Três lobos com pelo branco como a neve. A Colossal Biosciences apresentou-os como Canis dirus ressuscitados: uma espécie de lobo gigante que desapareceu há mais de 12 mil anos. As imagens e vídeos destes filhotes, batizados Rómulo, Remo e Khaleesi, espalharam-se rapidamente pelas redes sociais, acompanhados de declarações ousadas da empresa.
“Pela primeira vez na história da humanidade, restaurámos uma espécie extinta com sucesso”, proclamou a Colossal.
Como foram criados os lobos gigantes
Segundo a empresa, o processo começou com a análise de ADN extraído de dois fósseis de lobo pré-histórico: um dente e um osso com cerca de 13 mil e 72 mil anos. Ao comparar este material genético com o ADN do lobo cinzento moderno, os investigadores concluíram que as espécies eram 99,5% semelhantes.
“Ao identificar as diferenças associadas ao tamanho, musculatura e pelagem, editámos o genoma de um lobo cinzento para incluir essas variantes genéticas”, explicou Beth Shapiro, cientista-chefe do projeto, em entrevista à AP.
A edição foi feita com recurso à tecnologia Crispr-Cas9, frequentemente utilizada em genética humana.
Depois, células editadas foram clonadas e implantadas em óvulos não fertilizados, num processo semelhante à fertilização in vitro. O resultado, segundo a Colossal, são lobos com traços fenotípicos semelhantes aos da espécie extinta.
Alimentação e comportamento
Matt James, responsável pelo bem-estar animal na Colossal, afirma que os filhotes estão a desenvolver comportamentos instintivos, como perseguir presas e mastigar ossos.
“Eles comem carne de vaca, veado e cavalo. Já começaram a experimentar presas inteiras. Mostram instintos de caça, mas não saberão como matar um alce - essas são aprendizagens sociais que não terão", disse à AP.
“Um lobo cinzento ligeiramente modificado”
Corey Bradshaw, professor de Ecologia Global na Universidade Flinders, é categórico:
“Isto não é um lobo terrível. É, no melhor dos casos, um lobo cinzento ligeiramente modificado.”
Segundo o investigador, as alterações feitas ao ADN são limitadas e não constituem a recriação de uma espécie extinta. Bradshaw também critica a ausência de provas rigorosas:
“Quando há promessas grandiosas sem evidência científica, levanta-se uma enorme bandeira vermelha", disse à Reuters.
Tecnologia limitada e problemas genéticos
O especialista recorda que a ciência ainda não permite reconstruir genomas completos de espécies extintas. O ADN fóssil encontra-se geralmente degradado, tornando impossível recriar um genoma funcional.
Mesmo que fosse possível clonar vários indivíduos, existiriam riscos genéticos graves.

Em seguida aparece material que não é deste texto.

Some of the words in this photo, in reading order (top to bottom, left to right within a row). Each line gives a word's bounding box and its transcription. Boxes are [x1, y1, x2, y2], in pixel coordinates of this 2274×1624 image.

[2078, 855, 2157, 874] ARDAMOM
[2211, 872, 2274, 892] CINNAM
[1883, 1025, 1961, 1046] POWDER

“Seriam necessários milhares de animais geneticamente diversos para formar uma população viável. Dois ou três não bastam. Isso leva à consanguinidade e à extinção rápida da nova população”, segundo Bradshaw.

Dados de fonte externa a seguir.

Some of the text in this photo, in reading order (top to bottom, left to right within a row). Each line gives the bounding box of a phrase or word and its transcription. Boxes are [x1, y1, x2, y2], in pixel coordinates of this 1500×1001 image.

“O que fizeram foi editar geneticamente um lobo cinzento para que se parecesse superficialmente com um lobo gigante. Mas nem sequer sabemos ao certo como esses lobos eram", referiu à AFP Vincent Lynch, da Universidade de Buffalo.

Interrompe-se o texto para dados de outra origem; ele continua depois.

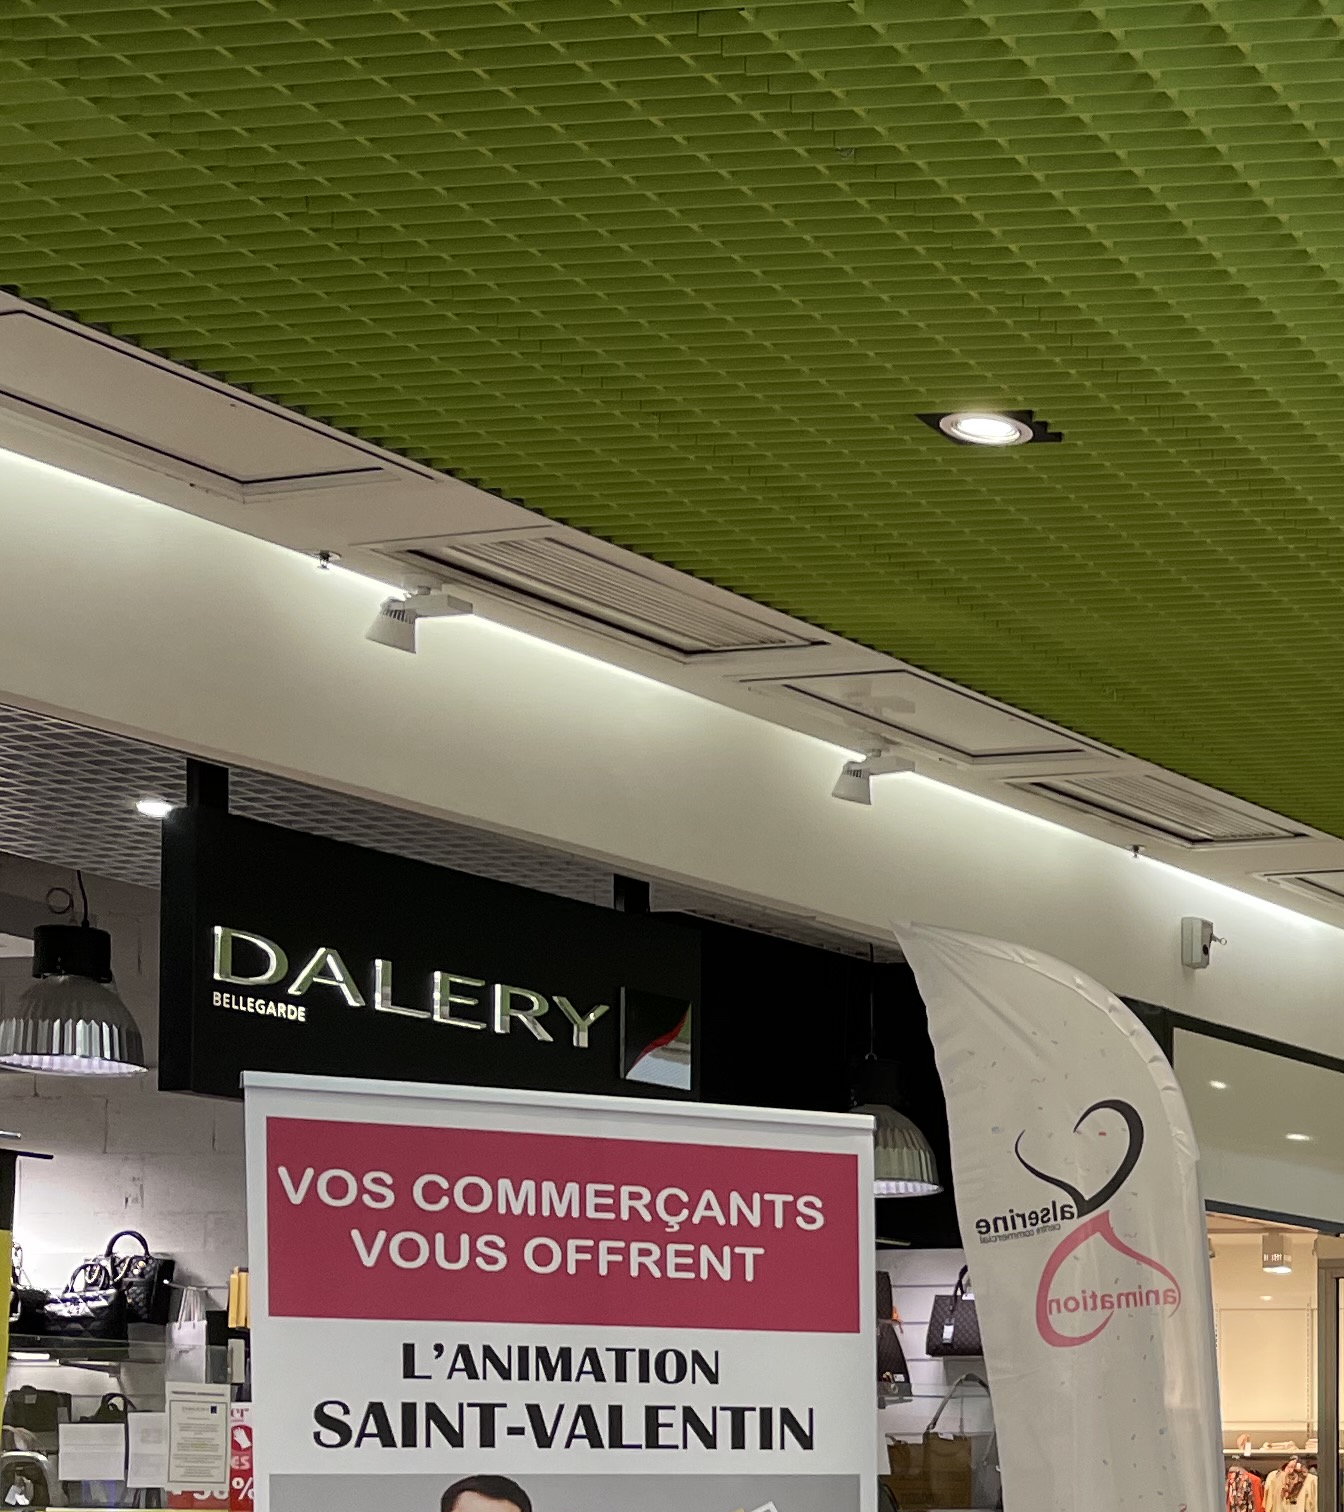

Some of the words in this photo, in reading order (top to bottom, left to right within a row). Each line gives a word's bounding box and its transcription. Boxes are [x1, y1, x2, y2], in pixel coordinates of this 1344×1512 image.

[212, 925, 610, 1049] DALERY
[212, 991, 306, 1023] BELLEGARDE
[277, 1165, 395, 1210] VOS
[412, 1173, 825, 1232] COMMERÇANTS
[350, 1229, 507, 1272] VOUS
[524, 1236, 765, 1283] OFFRENT
[402, 1341, 720, 1386] L'ANIMATION
[312, 1399, 815, 1451] SAINT-VALENTIN

Questões éticas e prioridades ambientais
A iniciativa também levanta dúvidas éticas. Ronald Sandler, diretor do Instituto de Ética da Universidade Northeastern, receia que projetos como este distraiam do essencial:
“O importante é resolver as causas da extinção. Não podemos cair na ilusão de que tudo se resolve trazendo as espécies de volta", lembrou em declarações à AFP.
Ressuscitar outros animais extintos
Em 2024, Ben Lamm, cofundador e CEO da Colossal Biosciences, afirmou que a empresa pretende produzir as primeiras crias semelhantes a mamutes até 2028 e “é altamente provável que se possa alcançar outra espécie antes disso”, disse Lamm, referindo-se a outros projetos da empresa: o dodo (Raphus cucullatus) e o tigre-da-tasmânia (Thylacinus cynocephalus).
Em março deste ano, a empresa divulgou fotos de ratinhos com alguns genes de mamute, o que já estava a gerar polémica.